> _Aim of the exercise_
Transcription task. Write out each entry verbatim and exclude any image.

(Image-backed grounding data)
★ ★ ★
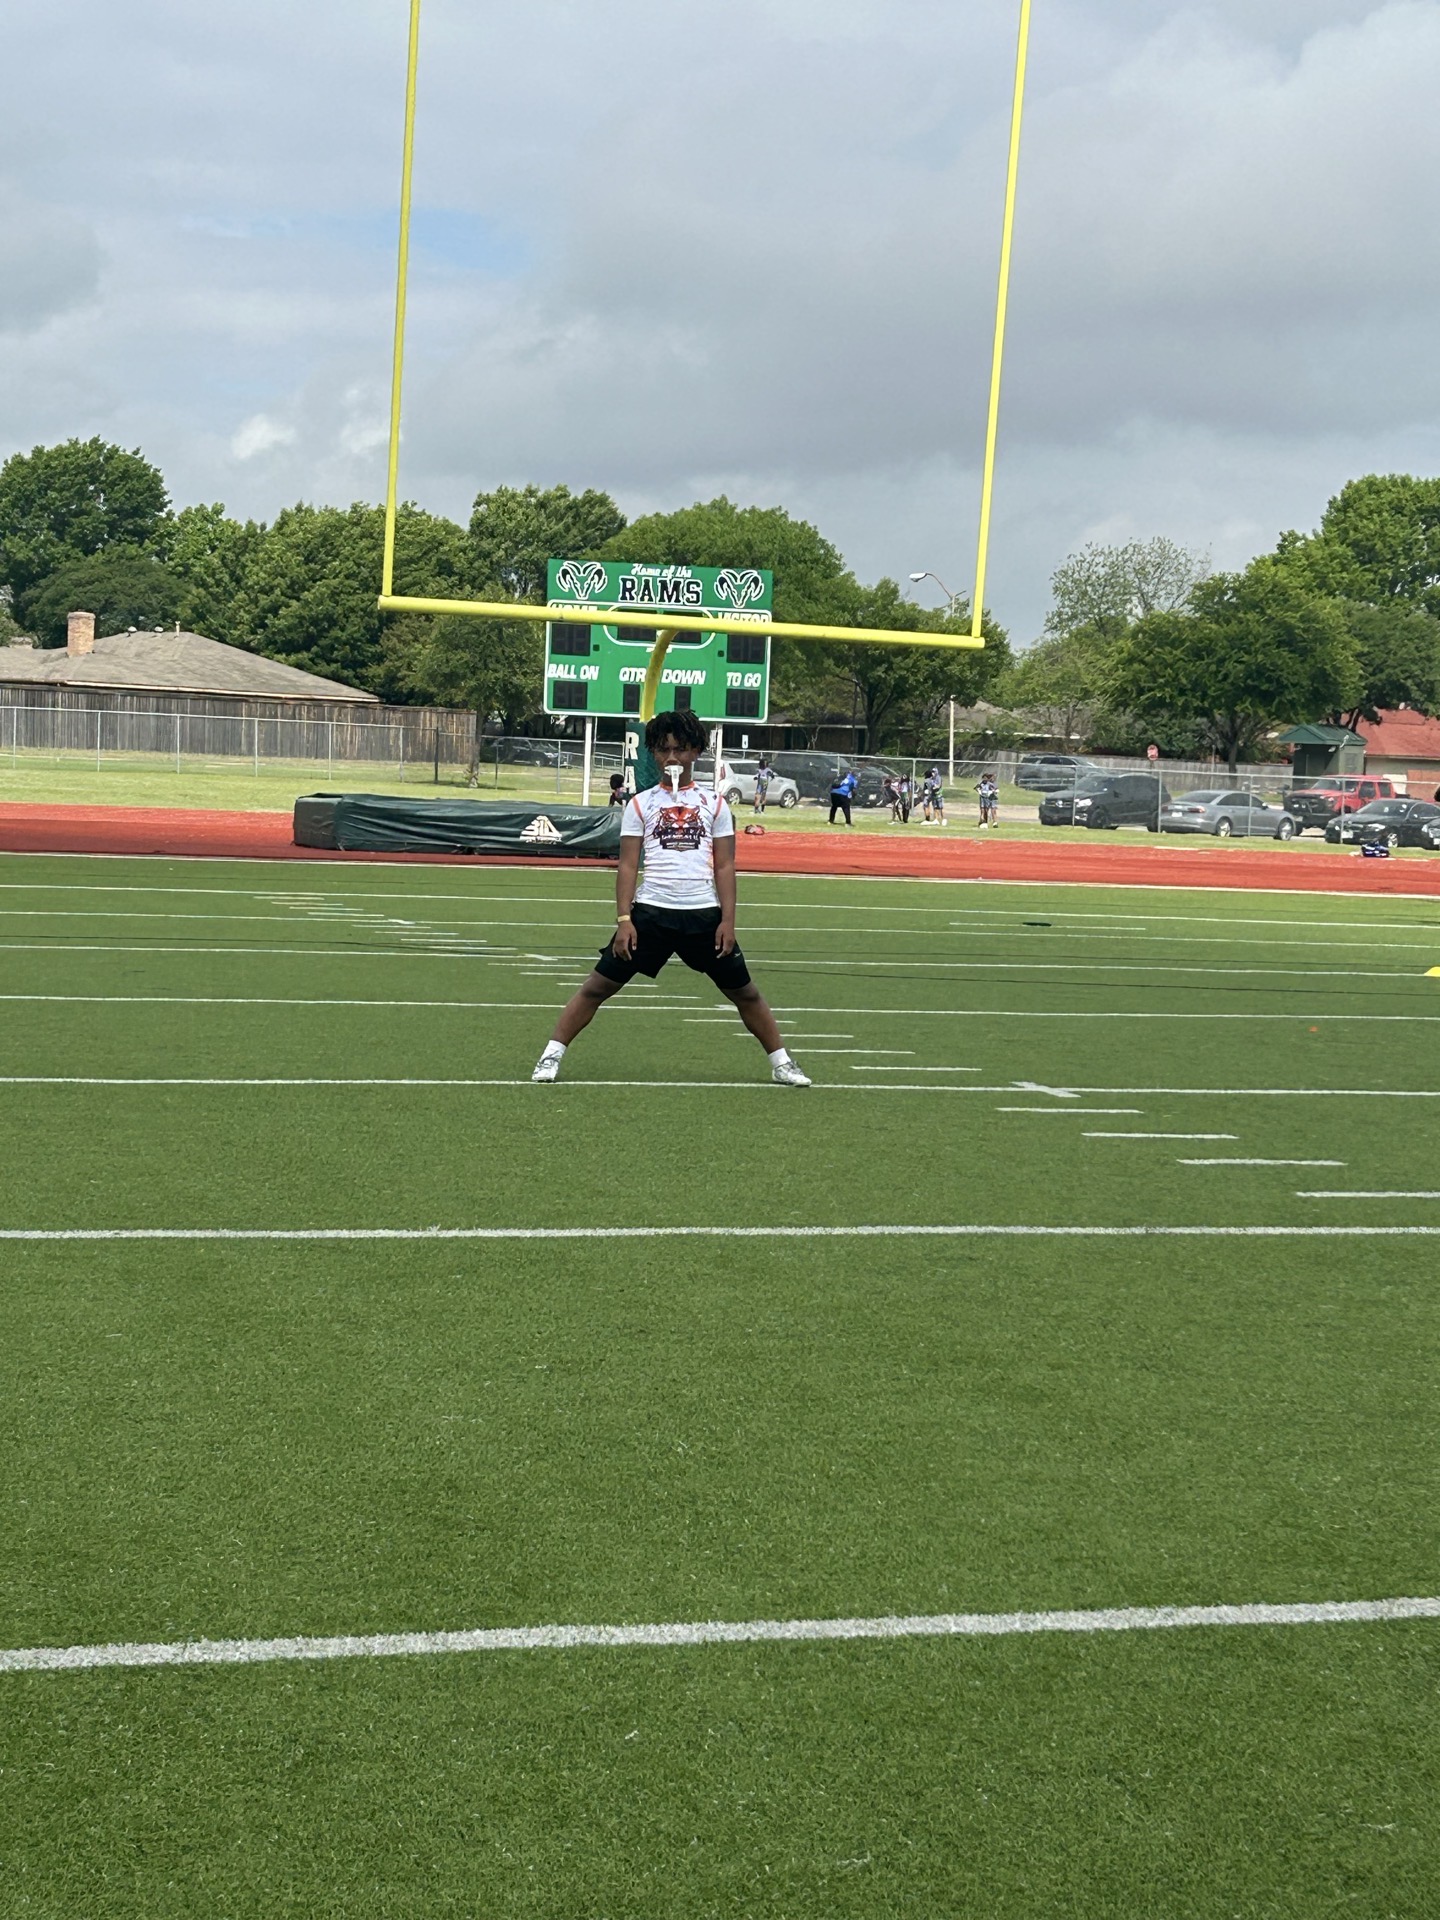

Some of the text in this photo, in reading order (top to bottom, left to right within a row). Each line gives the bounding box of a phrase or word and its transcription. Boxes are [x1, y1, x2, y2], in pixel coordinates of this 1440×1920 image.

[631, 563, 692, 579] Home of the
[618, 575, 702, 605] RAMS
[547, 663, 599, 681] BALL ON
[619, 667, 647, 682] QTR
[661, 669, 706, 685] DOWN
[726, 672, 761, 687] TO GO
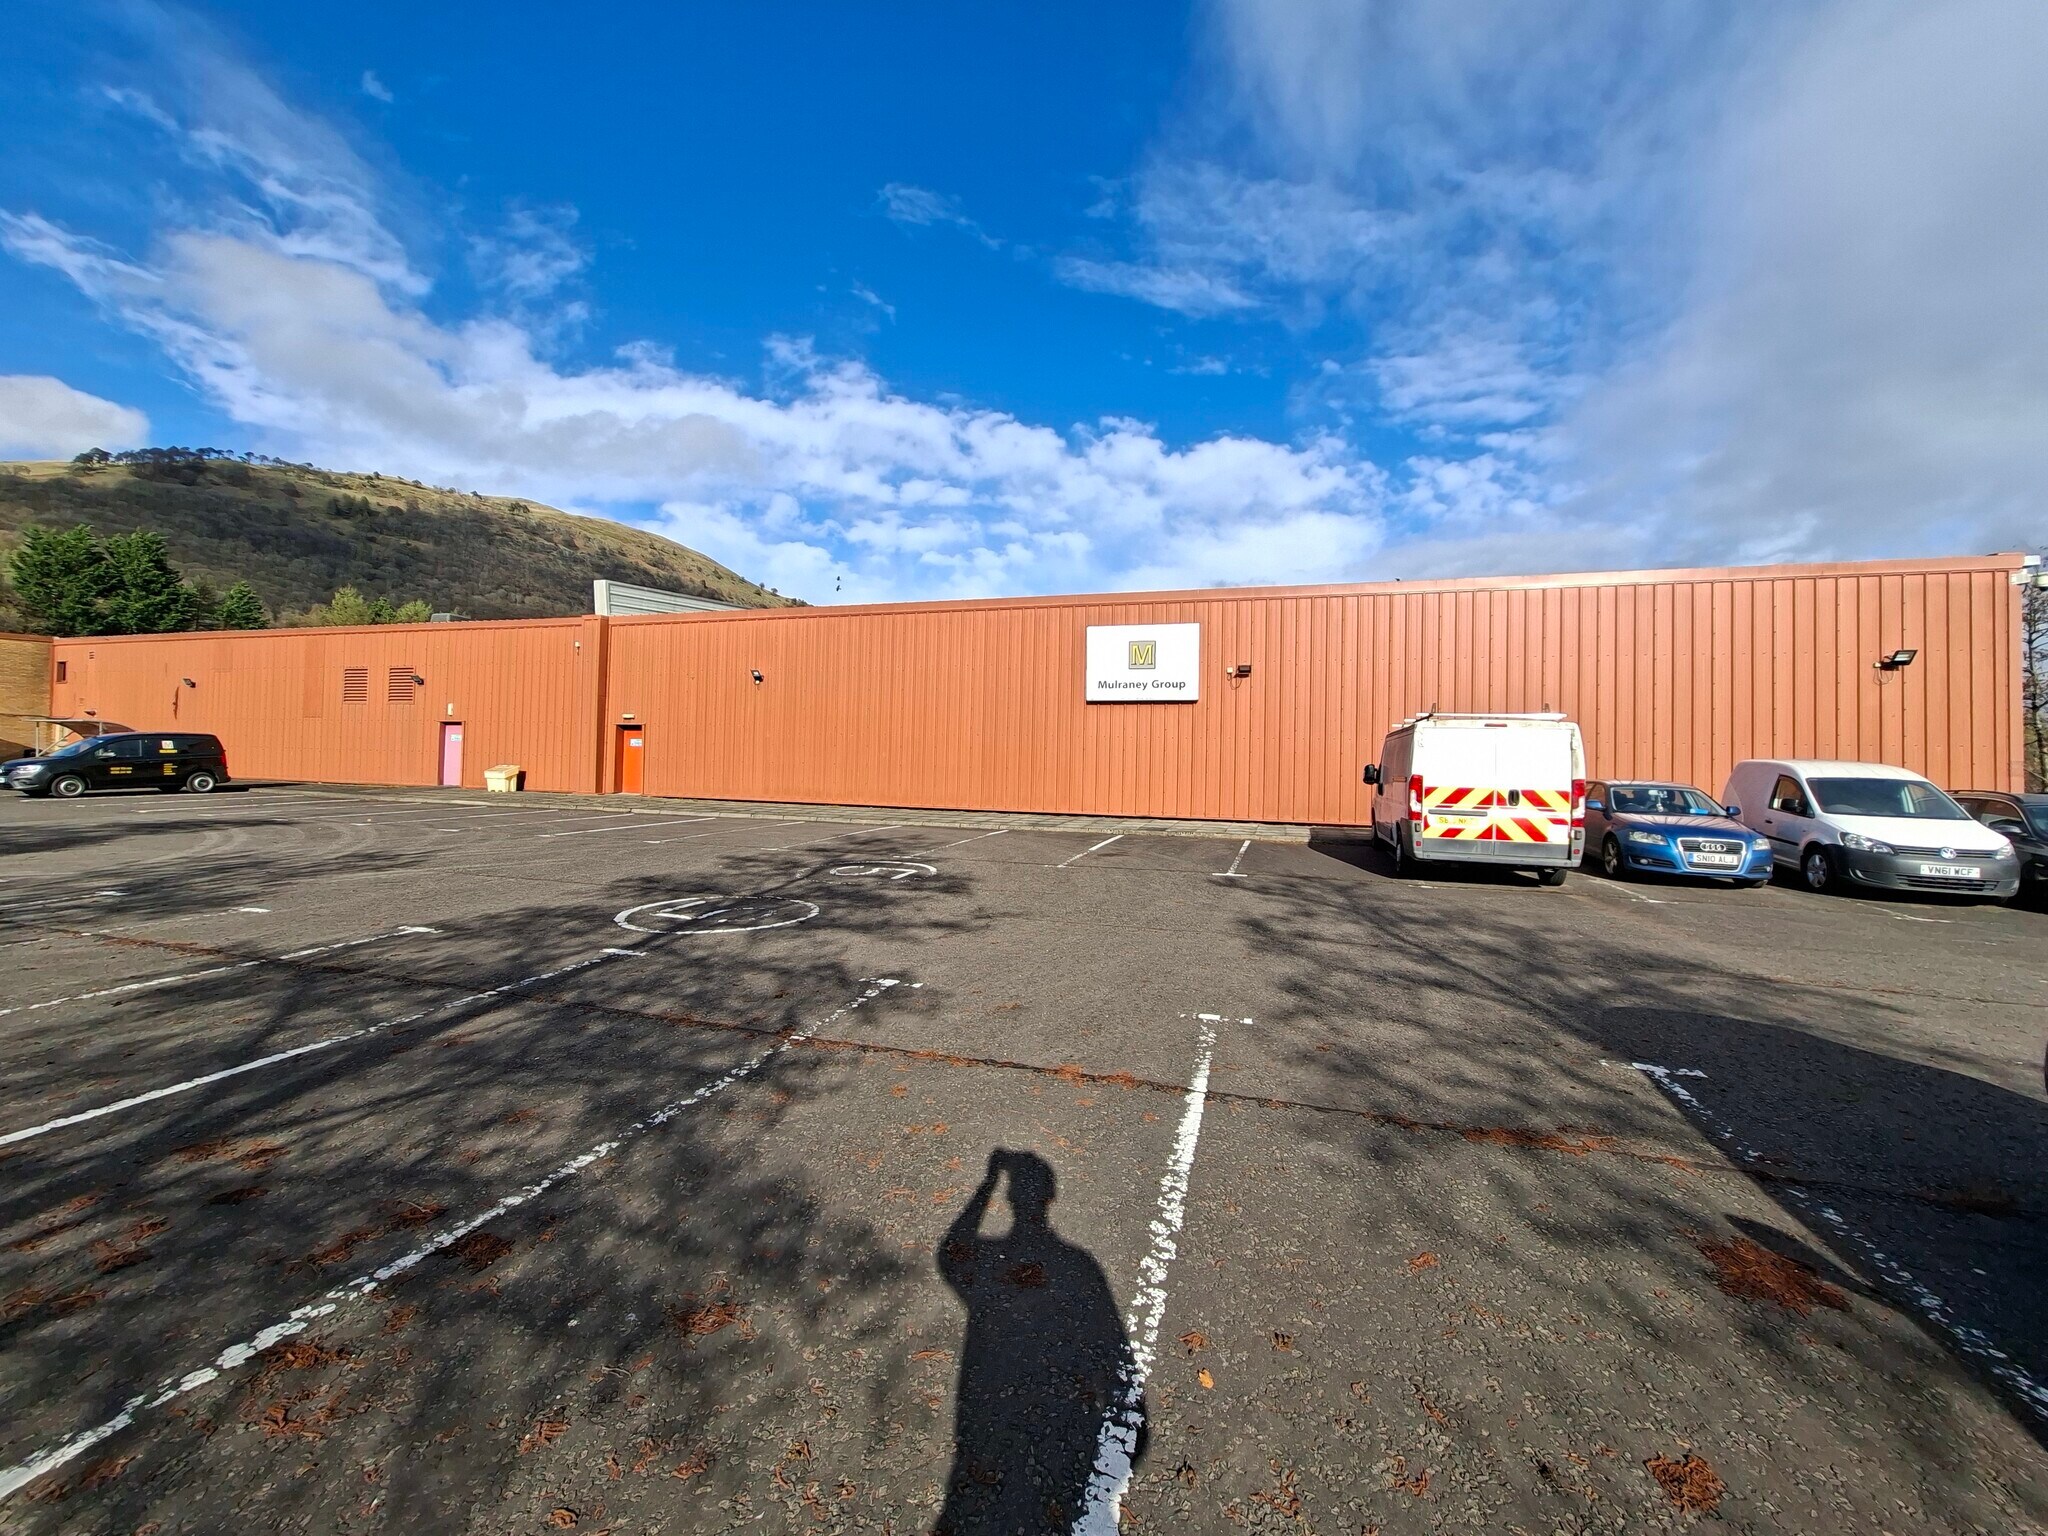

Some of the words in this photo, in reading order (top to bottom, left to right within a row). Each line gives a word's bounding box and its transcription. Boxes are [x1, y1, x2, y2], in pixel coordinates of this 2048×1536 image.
★ ★ ★
> _Written solution_
Some of the text in this photo, in reading order (top to bottom, left to right within a row). Each line gives the bounding box of a phrase or word and its transcription. Boxes are [x1, y1, x2, y2], in pixel coordinates of this 1440×1920 image.

[631, 563, 692, 579] Home of the
[618, 575, 702, 605] RAMS
[547, 663, 599, 681] BALL ON
[619, 667, 647, 682] QTR
[661, 669, 706, 685] DOWN
[726, 672, 761, 687] TO GO

Some of the words in this photo, in reading order (top to bottom, left to right within a row). Each line gives a word's bounding box and its transcription. Boxes are [x1, y1, x2, y2], in pixel coordinates of this 2048×1536 image.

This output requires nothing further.